Pumpkin-Toffee Cake Roll
Pumpkin-Toffee Cake Roll might be just the dessert you are searching for. One portion of this dish contains about 5g of protein, 12g of fat, and a total of 250 calories. This recipe serves 12. If you have salt, confectioners' sugar, ground cinnamon, and a few other ingredients on hand, you can make it. From preparation to the plate, this recipe takes approximately 45 minutes. If you like this recipe, take a look at these similar recipes: Pumpkin Toffee Poke Cake, Pumpkin Toffee Dump Cake, and Pumpkin Toffee Dump Cake.
Instructions
Place egg whites in a large bowl; let stand at room temperature for 30 minutes. Line a greased 15-in. x 10-in. x 1-in. baking pan with waxed paper; grease the paper and set aside.
In a large bowl, beat yolks until slightly thickened. Gradually add sugars, beating on high speed until thick. Beat in pumpkin. Sift flour, cinnamon, ginger, allspice and salt together twice; gradually add to yolk mixture and mix well.
With clean beaters, beat egg whites until stiff peaks form. Gradually fold into batter.
Spread into prepared pan.
Bake at 350° for 15-18 minutes or until cake springs back when lightly touched. Cool for 5 minutes. Invert onto a kitchen towel dusted with confectioners' sugar. Gently peel off waxed paper.
Roll up cake in the towel jelly-roll style, starting with a short side. Cool completely on a wire rack.
For filling, in a small saucepan, sprinkle gelatin over rum; let stand for 1 minute.
Heat over low heat, stirring until gelatin is completely dissolved.

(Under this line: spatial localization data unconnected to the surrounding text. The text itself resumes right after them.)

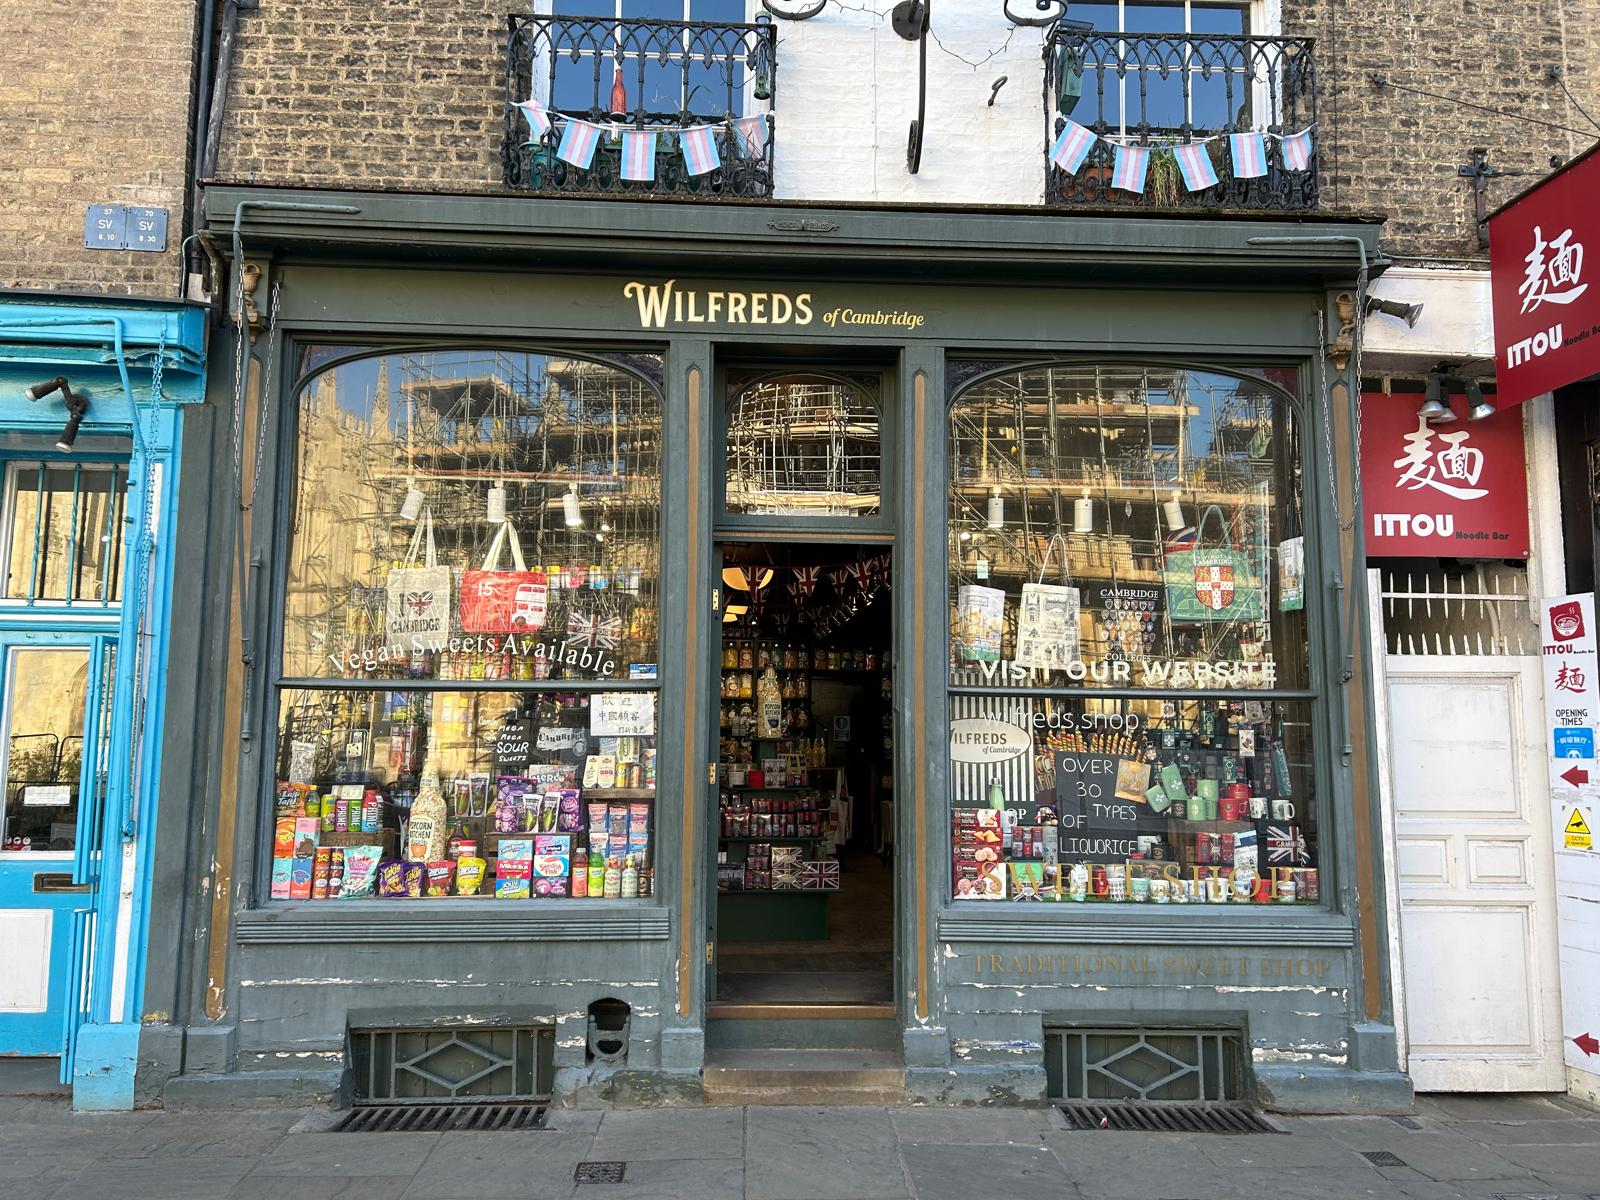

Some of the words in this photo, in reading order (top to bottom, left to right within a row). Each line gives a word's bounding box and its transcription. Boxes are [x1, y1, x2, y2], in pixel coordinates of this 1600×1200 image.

[98, 219, 113, 229] SV
[139, 221, 154, 231] SV
[623, 279, 814, 328] WILFREDS
[823, 309, 839, 327] of
[841, 309, 925, 330] Cambridge
[1507, 323, 1562, 370] ITTOU
[1563, 330, 1590, 348] Noodle
[1592, 326, 1600, 336] Ba
[1373, 513, 1454, 537] ITTOU
[1455, 531, 1489, 540] Noodle
[1492, 531, 1510, 541] Bar
[1100, 588, 1158, 599] CAMBRIDGE
[398, 592, 405, 618] I
[391, 618, 441, 634] CAMBRIDGE
[327, 642, 406, 675] Vegan
[411, 634, 495, 658] Sweets
[501, 633, 615, 676] Available
[1104, 653, 1152, 663] COLLEGES
[1542, 644, 1573, 655] ITTOU
[979, 660, 1053, 680] VISIT
[1066, 660, 1131, 681] OUR
[1141, 661, 1277, 684] WEBSITE
[982, 707, 1139, 733] wilfreds.shop
[1555, 708, 1588, 718] OPENING
[1561, 717, 1583, 726] TIMES
[951, 728, 1007, 745] ILFREDS
[496, 741, 529, 754] SOUR
[990, 745, 1022, 755] Cambridge
[1062, 757, 1114, 775] OVER
[1076, 781, 1102, 798] 30
[337, 806, 347, 829] PRIME
[351, 806, 361, 829] PRIME
[366, 801, 377, 829] PRIME
[1092, 803, 1137, 821] TYPES
[1062, 814, 1088, 829] OF
[1059, 837, 1138, 856] LIQUORICE
[981, 862, 1144, 897] SWEET
[1163, 863, 1292, 899] SHOP
[975, 953, 1158, 976] TRADITIONAL
[1163, 956, 1251, 977] SWEET
[1260, 957, 1329, 978] SHOP

Remove from the heat; set aside.
In a large bowl, beat cream until it begins to thicken.
Add confectioners' sugar; beat until stiff peaks form. Fold in rum mixture and 1/3 cup toffee bits.

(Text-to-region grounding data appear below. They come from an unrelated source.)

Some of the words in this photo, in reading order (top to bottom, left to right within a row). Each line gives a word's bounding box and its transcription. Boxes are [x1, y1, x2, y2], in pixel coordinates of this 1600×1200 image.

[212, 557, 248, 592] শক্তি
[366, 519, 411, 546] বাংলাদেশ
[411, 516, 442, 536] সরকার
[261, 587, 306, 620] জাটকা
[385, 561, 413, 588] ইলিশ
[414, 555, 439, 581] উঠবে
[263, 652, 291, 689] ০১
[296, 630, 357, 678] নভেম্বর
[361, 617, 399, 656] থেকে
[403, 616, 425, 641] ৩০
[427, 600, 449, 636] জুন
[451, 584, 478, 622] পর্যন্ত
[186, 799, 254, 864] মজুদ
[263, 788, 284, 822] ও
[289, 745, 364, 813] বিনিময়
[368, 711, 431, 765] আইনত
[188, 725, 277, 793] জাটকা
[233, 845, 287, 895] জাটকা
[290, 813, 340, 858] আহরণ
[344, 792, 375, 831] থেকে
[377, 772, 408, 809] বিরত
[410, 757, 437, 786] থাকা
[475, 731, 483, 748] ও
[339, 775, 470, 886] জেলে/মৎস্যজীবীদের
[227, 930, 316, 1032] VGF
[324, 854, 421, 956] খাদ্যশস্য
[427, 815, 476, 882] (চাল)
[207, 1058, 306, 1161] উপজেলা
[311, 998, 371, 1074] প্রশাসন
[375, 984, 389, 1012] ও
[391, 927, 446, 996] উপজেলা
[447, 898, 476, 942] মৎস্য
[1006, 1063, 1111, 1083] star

Unroll cake; sprinkle with 1/4 cup toffee bits.
Spread filling over cake to within 1/2 in. of edges.
Place seam side down on a serving platter. Dust with additional confectioners' sugar.
Drizzle with caramel syrup; sprinkle with remaining toffee bits. Refrigerate until serving.

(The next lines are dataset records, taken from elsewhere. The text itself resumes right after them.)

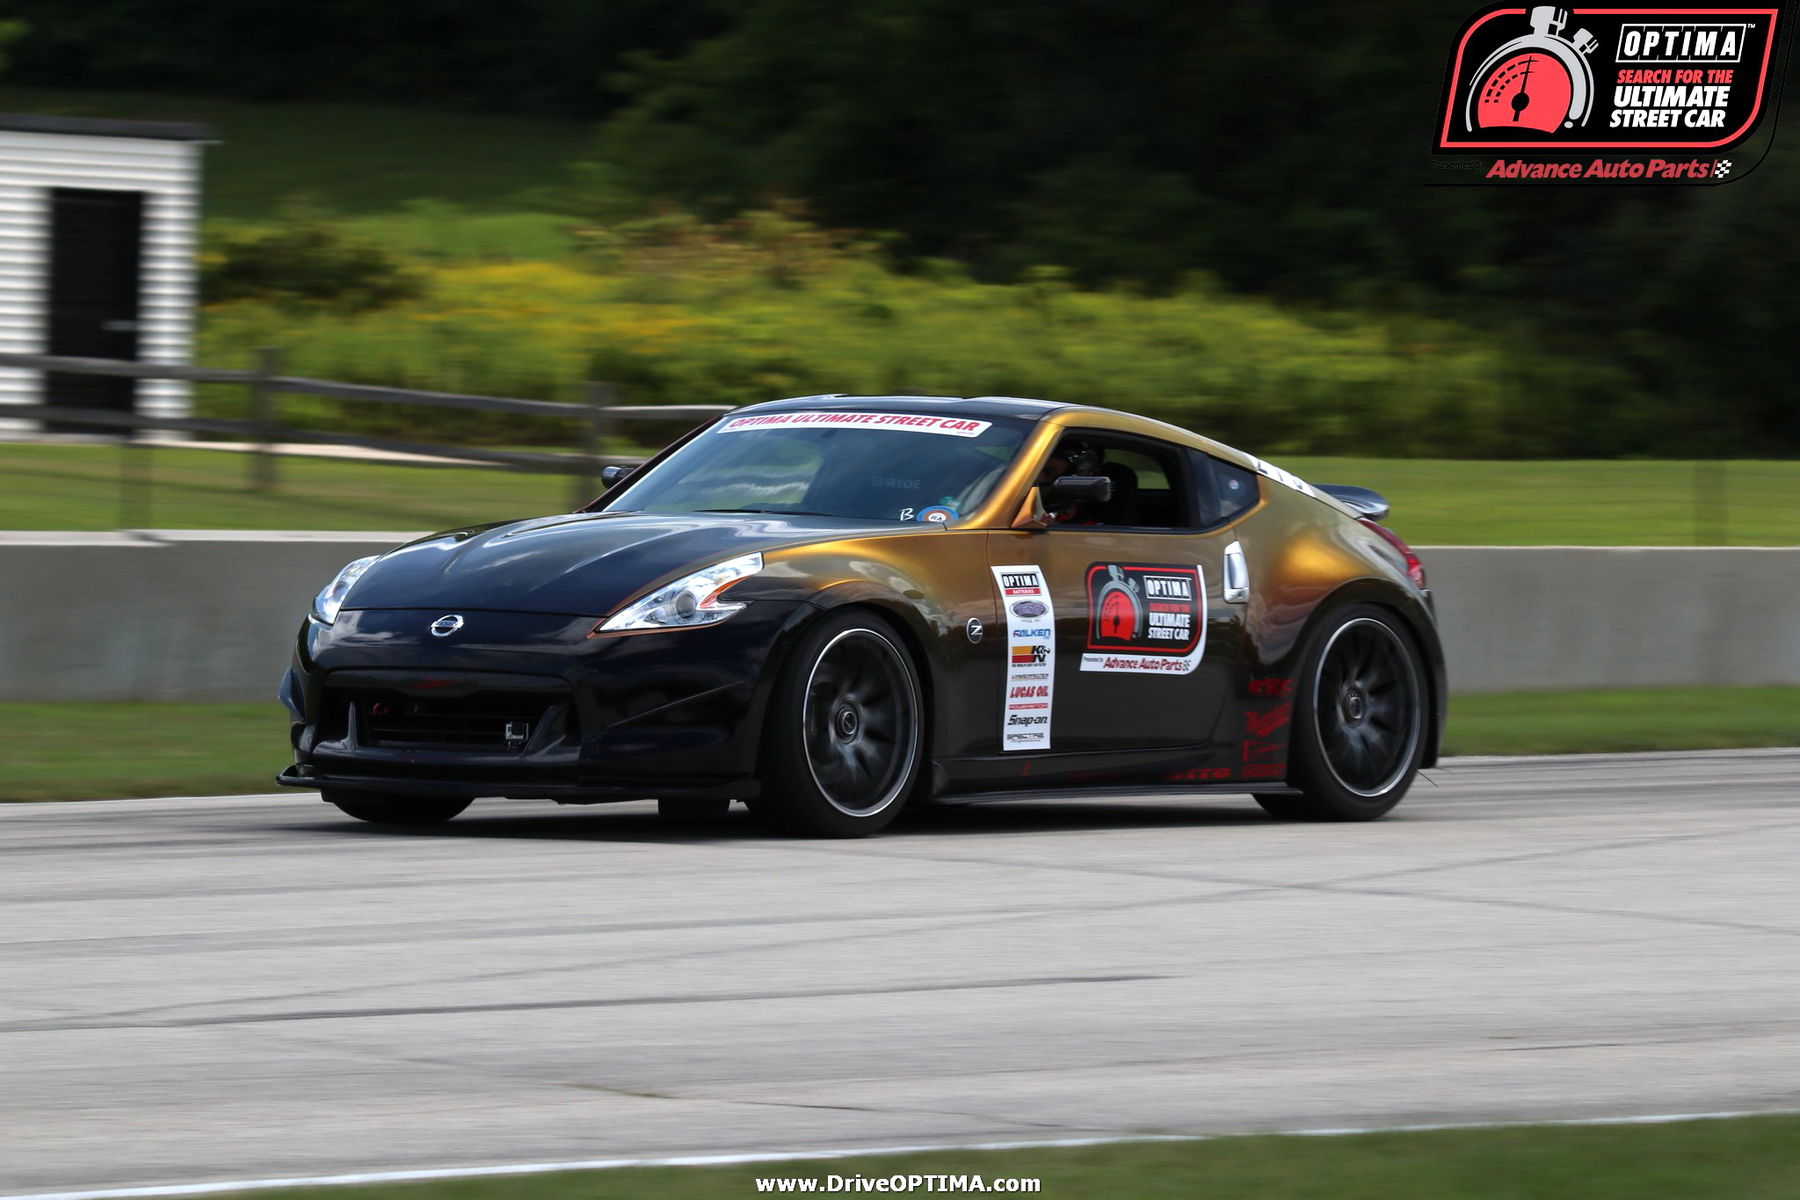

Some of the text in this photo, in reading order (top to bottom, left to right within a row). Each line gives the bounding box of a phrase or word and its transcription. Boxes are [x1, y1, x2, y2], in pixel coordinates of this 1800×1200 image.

[729, 414, 980, 431] OPTIMA ULTIMATE STREET CAR
[1003, 575, 1039, 587] OPTIMA
[1147, 579, 1190, 597] OPTIMA
[1149, 612, 1191, 628] ULTIMATE
[1012, 629, 1051, 637] FALKEN
[1148, 626, 1190, 640] STREET CAR
[1103, 657, 1183, 672] Advance Auto Parts
[1009, 686, 1049, 698] LUCAS OIL
[1008, 714, 1048, 727] Snap-on

Recommended wine: Cream Sherry, Port, Moscato Dasti
Roll Cake works really well with Cream Sherry, Port, and Moscato d'Asti. A common wine pairing rule is to make sure your wine is sweeter than your food. Delicate desserts go well with Moscato d'Asti, nutty desserts with cream sherry, and caramel or chocolate desserts pair well with port. The Barefoot Bubbly Extra Dry with a 4.4 out of 5 star rating seems like a good match. It costs about 15 dollars per bottle.
![Barefoot Bubbly Extra Dry]()
Barefoot Bubbly Extra Dry
Barefoot Bubbly Extra Dry Champagne offers aromas of ripe apple complemented by hints of citrus. Toasty flavors complement the creamy, lingering finish. Best served chilled (36-40 °F), this bubbly is perfectly balanced with multiple layers of fruit to delight the palate.